It's been around for a while, but the problem of swatting - the practice of deliberately calling police to someone's house - has only grown in recent years. It's a harassment tactic which people have used to target streamers in the hope they'll be arrested mid-stream.
Although some consider it a prank, the reality is much more serious - particularly if you live in America, where most police carry firearms. Only last year, Call of Duty streamer Andrew Finch was shot and killed due to a hoax call on his house in which the caller claimed Finch had killed his father and was holding hostages.
Swatting is very much a consequence of the information age we find ourselves in. The stream-swatting phenomenon, in particular, has only been made possible due to new broadcast technology which didn't exist a mere ten years ago. It's somewhat unsurprising that the police have been left playing catch-up. Until now, that is.

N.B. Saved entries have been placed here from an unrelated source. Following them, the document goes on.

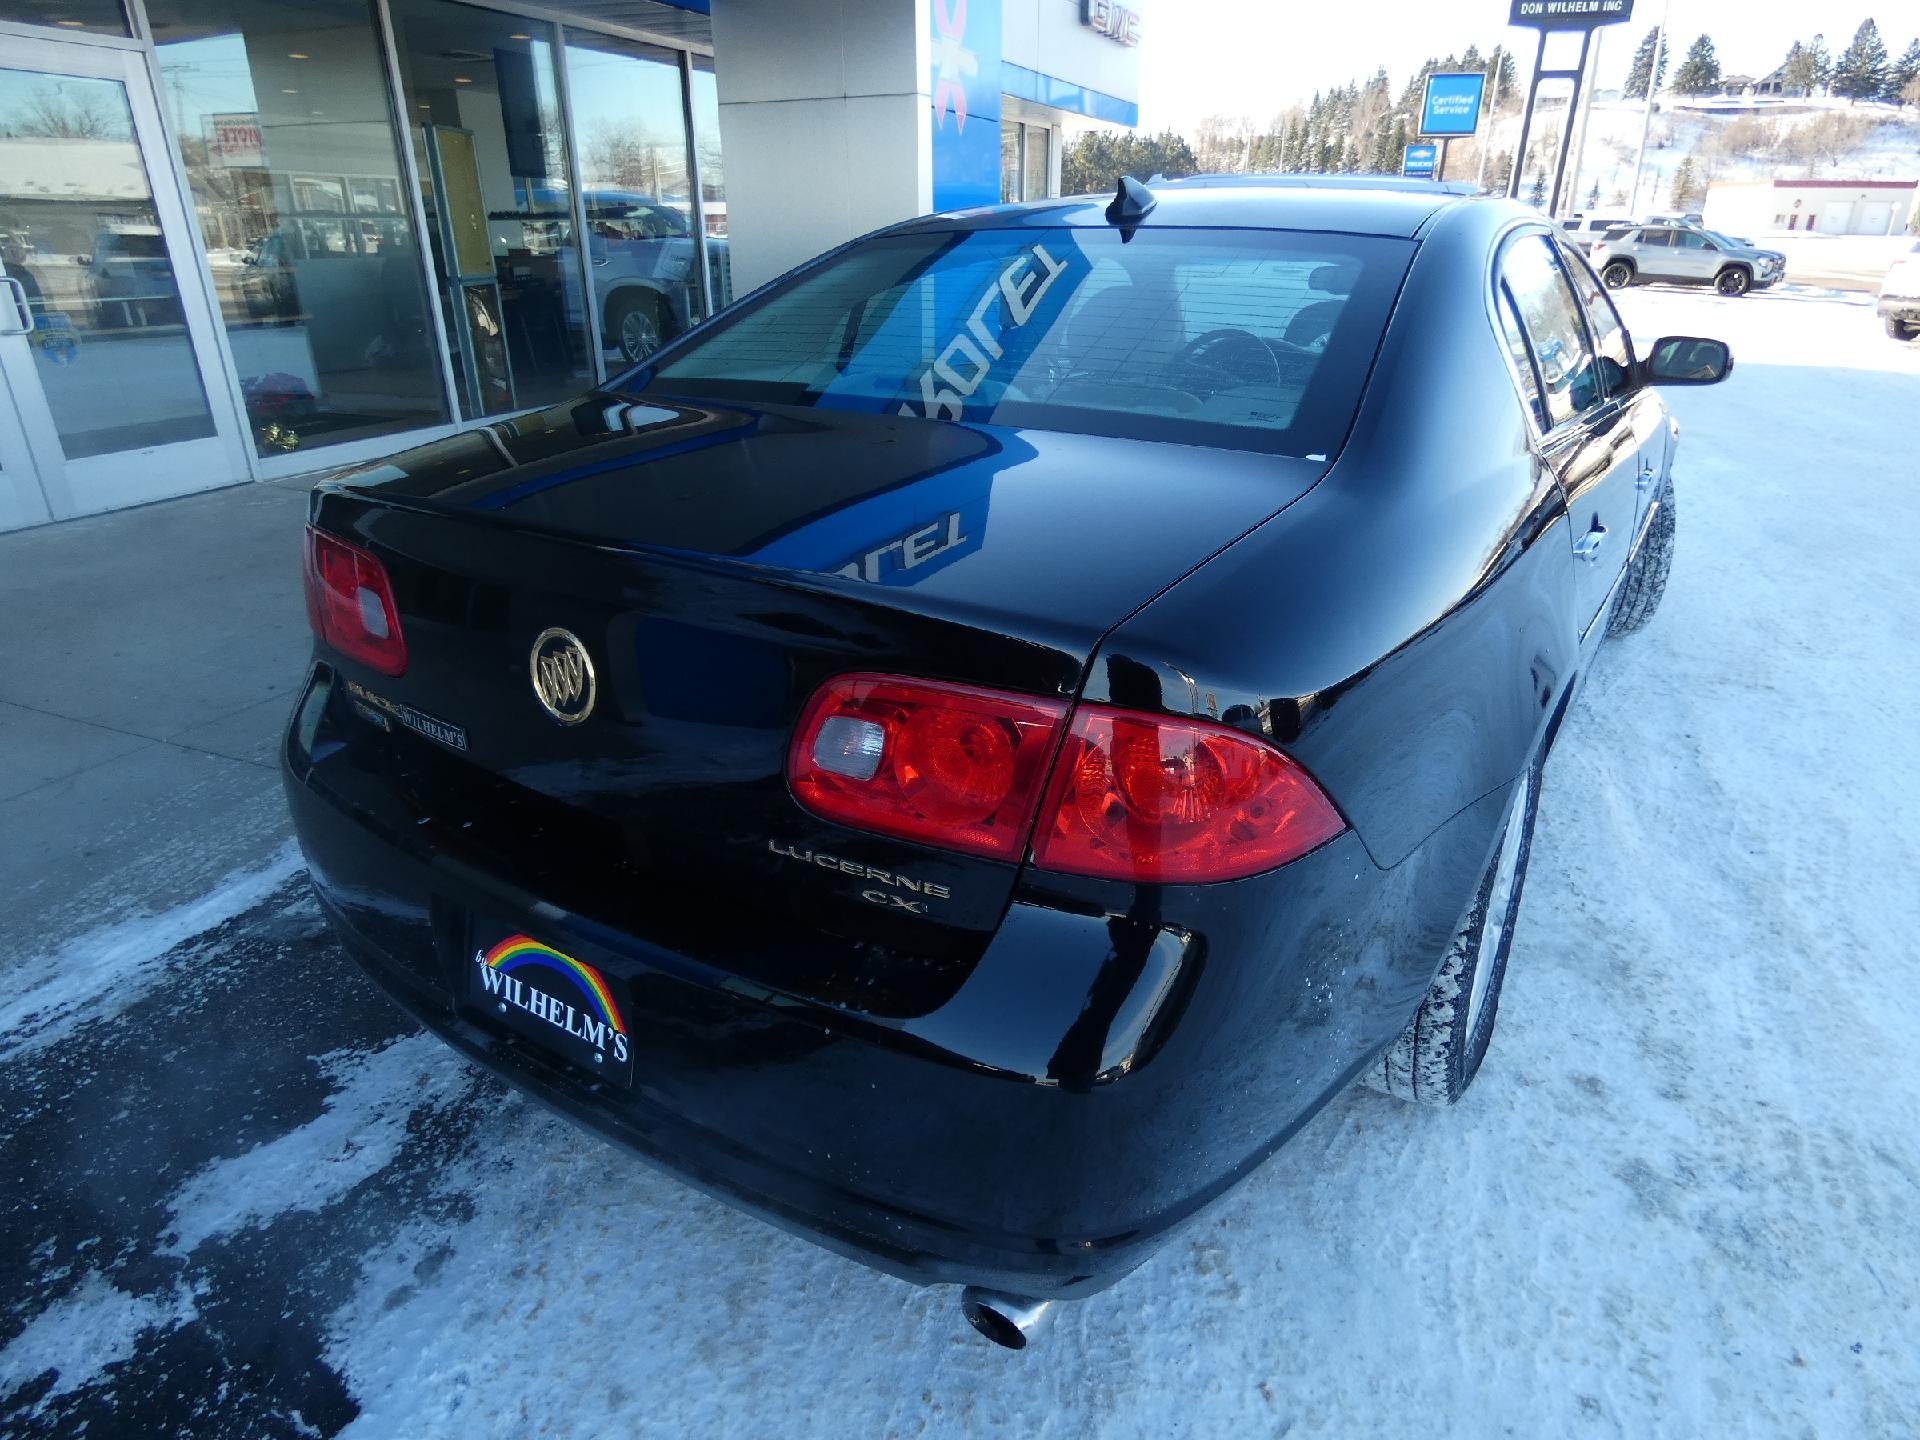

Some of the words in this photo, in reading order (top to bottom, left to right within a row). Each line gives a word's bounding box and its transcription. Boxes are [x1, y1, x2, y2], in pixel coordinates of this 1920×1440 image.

[1081, 0, 1141, 48] GMC
[1520, 3, 1542, 14] DON
[1547, 1, 1598, 13] WILHELM
[1603, 0, 1622, 11] INC
[1432, 95, 1475, 105] Certified
[1432, 105, 1471, 115] Service
[401, 711, 465, 747] WILHELM'S
[768, 839, 951, 899] LUCERNE
[479, 966, 629, 1063] WILHELM'S

In what appears to be the first police anti-swatting initiative, the Seattle Police Department has introduced a system to protect members of the "tech industry, video game industry, and/or the online broadcasting community" from swatting attempts. The system, called "Rave Facility", allows streamers to register themselves on a police database if they consider themselves a potential target for swatting. If an emergency call is made to their address, the call taker will share this information with the responding officers. The Seattle Police Department states "nothing about this solution is designed to minimise or slow emergency services," and in theory, it should reduce the likelihood of innocent streamers being shot. America, huh.
Seattle Police Department Public Affairs Director Sean Whitcomb told Ars Technica the campaign was prompted by a citizen's request to deal with swatting in the Seattle area. According to Whitcomb, since efforts to create the initiative began in June, there have been two swatting related incidents - highlighting the real need for action.

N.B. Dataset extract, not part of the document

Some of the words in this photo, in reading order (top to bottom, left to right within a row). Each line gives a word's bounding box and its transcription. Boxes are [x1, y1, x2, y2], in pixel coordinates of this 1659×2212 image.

It's not quite the first time a government body has taken action to prevent swatting. In 2014, New Jersey increased the penalties for those who made hoax calls involving "an impending bombing, hostage situation, or person armed with a firearm or other deadly weapon capable of producing death or serious bodily injury". US Representative Katherine Clark has also introduced two bills to Congress - the Interstate Swatting Hoax Act and the Online Modernization Act of 2017 - both of which seek to amend the federal criminal code to make swatting a separate crime in itself. Unfortunately the bills have made little progress, and Clark herself ended up victim to a swatting attempt.
Increased penalties provide more of a deterrent, for sure, but the Seattle police effort should help prevent serious injuries or deaths caused by confusion over a hoax call. If the initiative proves successful in Seattle, it's likely the idea could be mimicked by other American police departments.
Although the anti-swatting campaign is a positive step in combating the problem, it won't be able to prevent some of the other crimes streamers now face. PUBG streamer Dr. Disrespect, for instance, has recently experienced two separate incidents in which shots were fired at his house. As streamers spend a great deal of time exposed to the internet, and typically do not have the same level of protection as other celebrities, streamer harassment is a worrying problem which government agencies may increasingly need to address.